Egypt's Muslim Brotherhood elects new party leader
61-year-old Saad al-Katatni is seen as a conservative who is unlikely to compromise with liberals and leftists; he briefly served as parliament speaker after fall of Mubarak.
The Muslim Brotherhood's political party, Egypt's biggest, chose veteran conservative Saad al-Katatni as its new leader on Friday to replace Mohamed Morsi, who went on to become his country's first elected president.
Katatni, 61, a microbiologist who joined the Islamist movement in 1979, is seen as more conservative than his main challenger for the post, Essam el-Erian, and less ready to compromise with liberals and leftists.

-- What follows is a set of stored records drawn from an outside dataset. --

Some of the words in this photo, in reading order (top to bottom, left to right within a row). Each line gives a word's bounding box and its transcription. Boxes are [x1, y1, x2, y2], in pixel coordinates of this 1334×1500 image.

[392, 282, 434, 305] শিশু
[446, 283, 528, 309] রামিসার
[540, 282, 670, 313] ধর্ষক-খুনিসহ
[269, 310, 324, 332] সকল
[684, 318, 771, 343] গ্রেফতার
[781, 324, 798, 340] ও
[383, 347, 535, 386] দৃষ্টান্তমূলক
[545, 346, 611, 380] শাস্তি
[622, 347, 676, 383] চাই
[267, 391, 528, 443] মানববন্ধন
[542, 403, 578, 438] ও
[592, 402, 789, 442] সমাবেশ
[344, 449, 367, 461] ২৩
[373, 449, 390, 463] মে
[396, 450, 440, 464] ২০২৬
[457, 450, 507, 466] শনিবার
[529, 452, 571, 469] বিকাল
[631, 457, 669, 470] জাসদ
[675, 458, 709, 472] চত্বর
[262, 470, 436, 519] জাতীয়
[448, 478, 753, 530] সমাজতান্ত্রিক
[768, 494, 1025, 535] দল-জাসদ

He was speaker of the first parliament after a popular uprising toppled autocratic president Hosni Mubarak, an assembly dominated by the Brotherhood's Freedom and Justice Party (FJP) and ultraconservative Salafis.

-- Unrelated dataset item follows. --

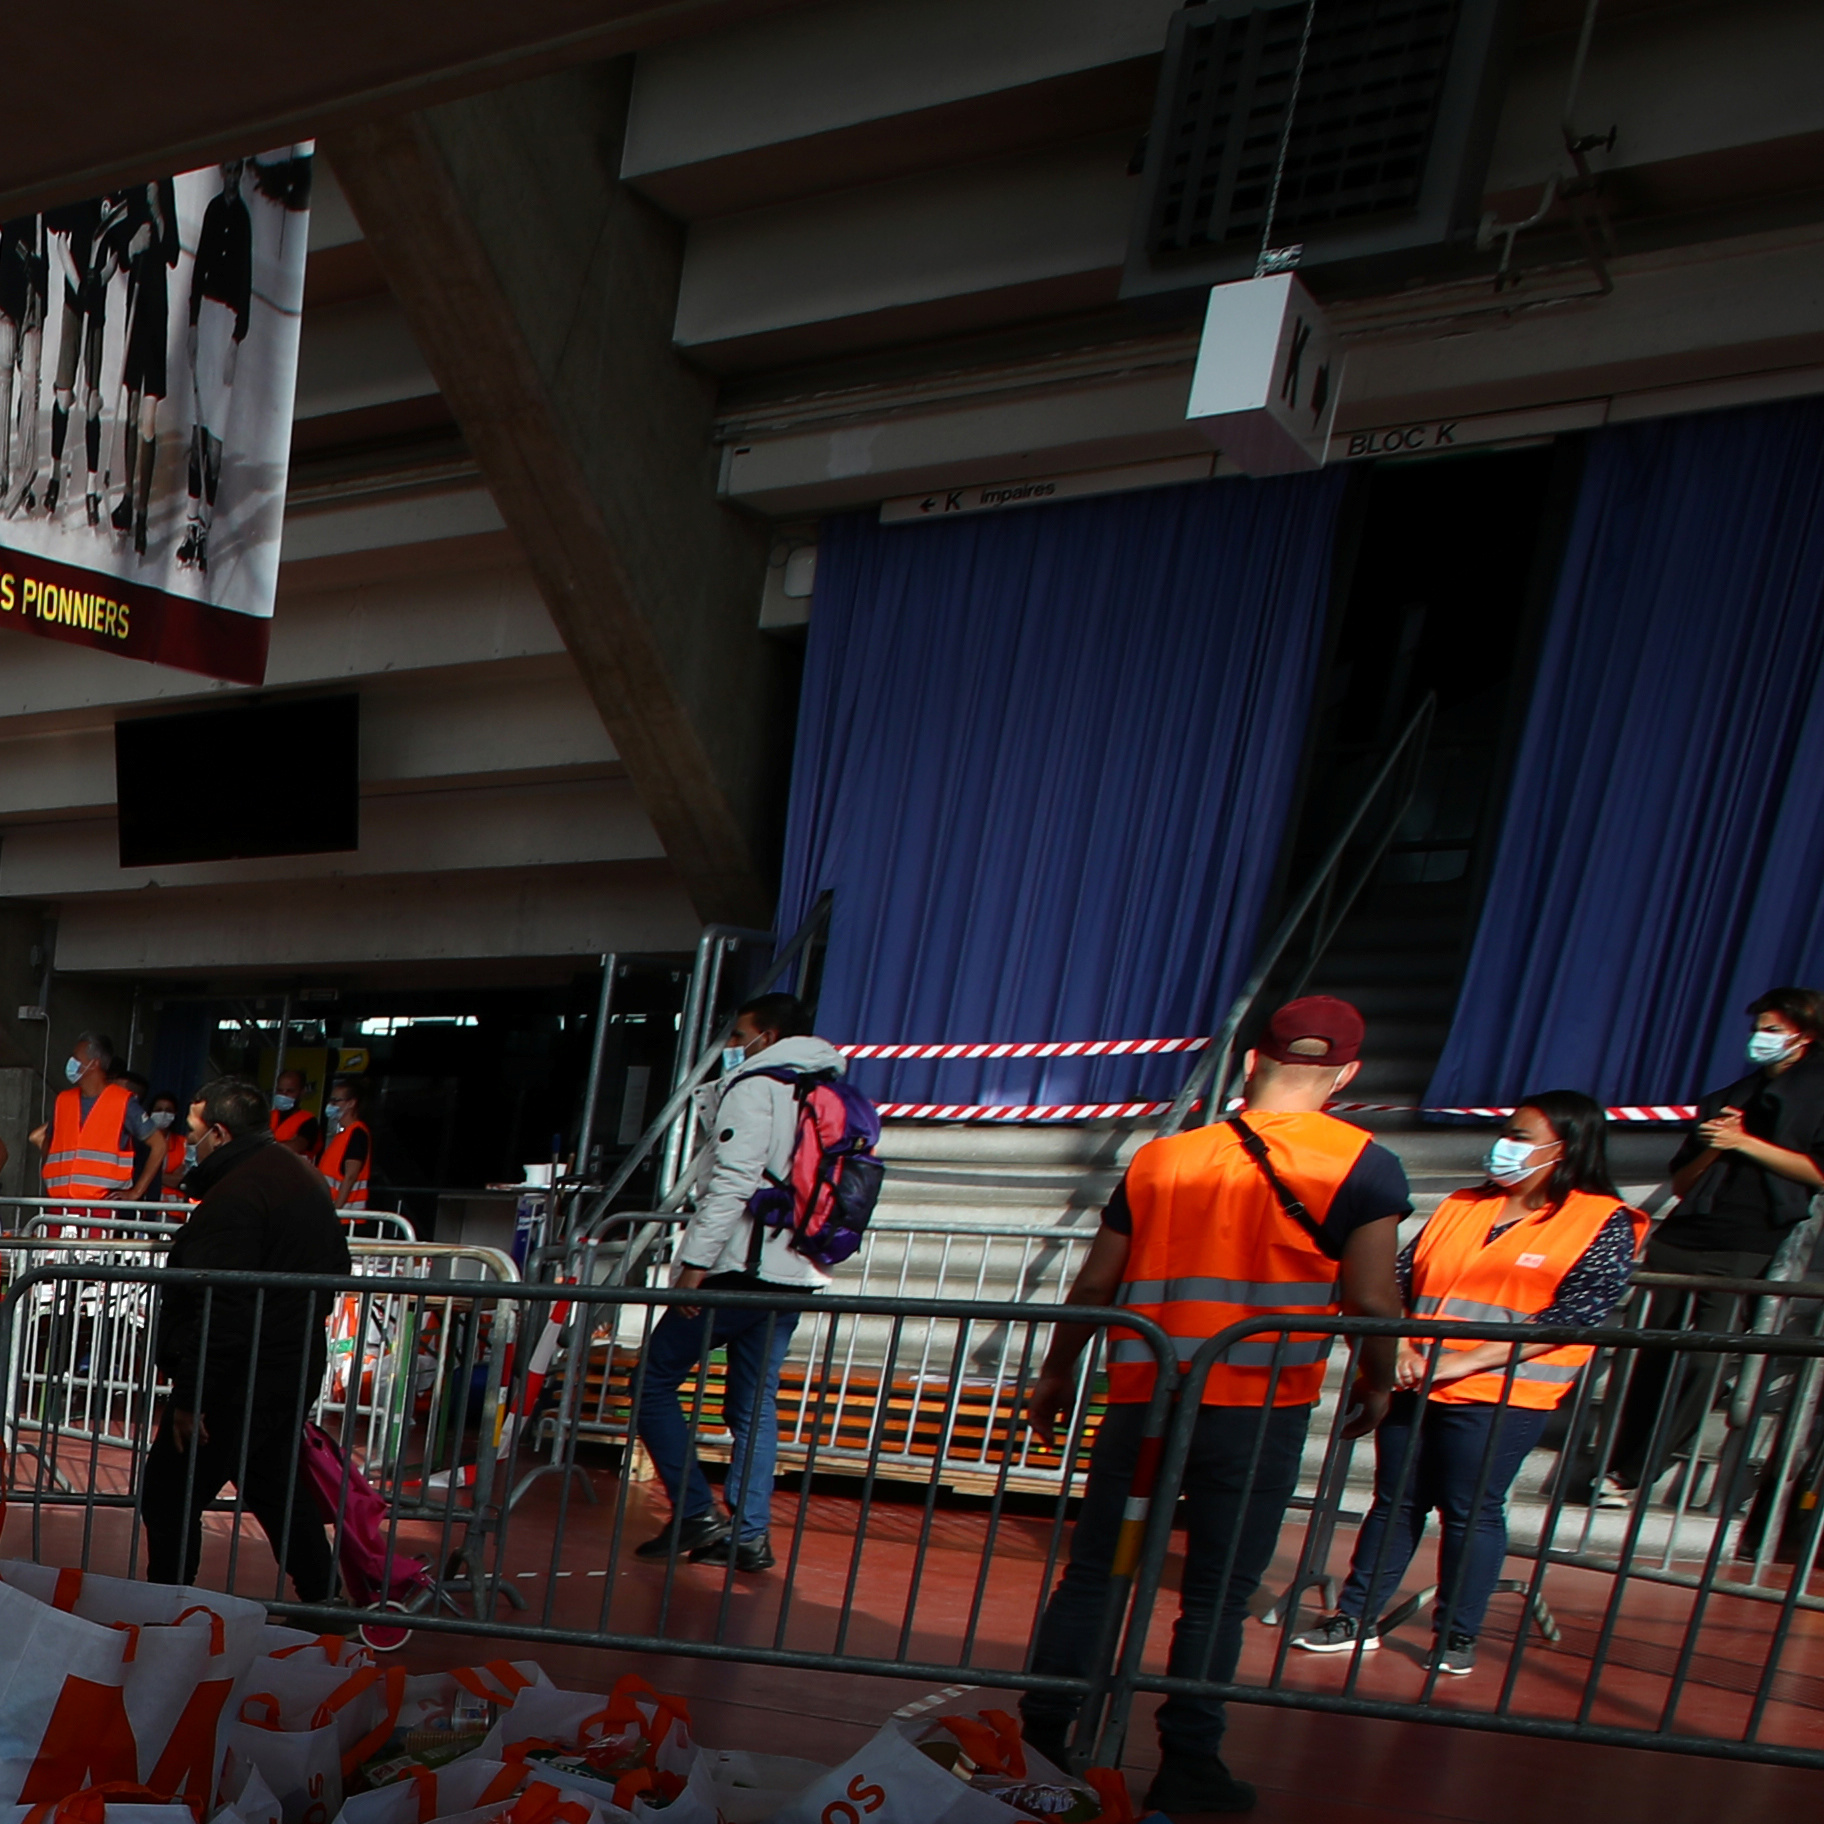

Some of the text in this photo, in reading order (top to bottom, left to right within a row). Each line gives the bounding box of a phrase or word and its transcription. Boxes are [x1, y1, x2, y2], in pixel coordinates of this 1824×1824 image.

[1347, 421, 1458, 458] BLOC K
[944, 480, 1056, 511] K impaires
[22, 577, 130, 639] PIONNIERS

Liberals occasionally walked out of the assembly, protesting that their Islamist opponents were intent on railroading through their legislative agenda while ignoring the views of others.
The legislature was dissolved by court order in June after the rules of the parliamentary election were challenged. A court is to rule on October 23 on whether the assembly that is to draft Egypt's new constitution is legal.
Katatni took 67 percent of 866 votes by members of the FJP's general committee, or executive, on Friday.
Analysts expect no major policy change within Egypt's best-organized Islamist group, saying it was Katatni's calm, consensual stance within the movement that won him the leadership vote.
"I am indebted for this trust," Katatni said in a speech after the result was announced. "Egypt is waiting for us, the Freedom and Justice Party, to lead the political scene."
He said the role of the FJP, which has around 400,000 members, was to "implement righteous rule based on Islamic sharia laws," prompting loud applause from his audience.
Meanwhile, hundreds of Egyptian liberals and leftists rallied in Cairo on Friday to demand that Islamists stop foisting their ideas upon society, saying the days of one-party rule ended with the overthrow of Hosni Mubarak.
The turnout was less than organizers had hoped, suggesting opponents of Islamist President Mohamed Morsi have yet to capitalize on any popular disapproval with his first three months in office.
Clashes a week ago between Brotherhood supporters and their opponents left more than 100 people injured. Some Brotherhood officials voiced regret over last week's violence and the Islamist movement did not call for a counterprotest this time.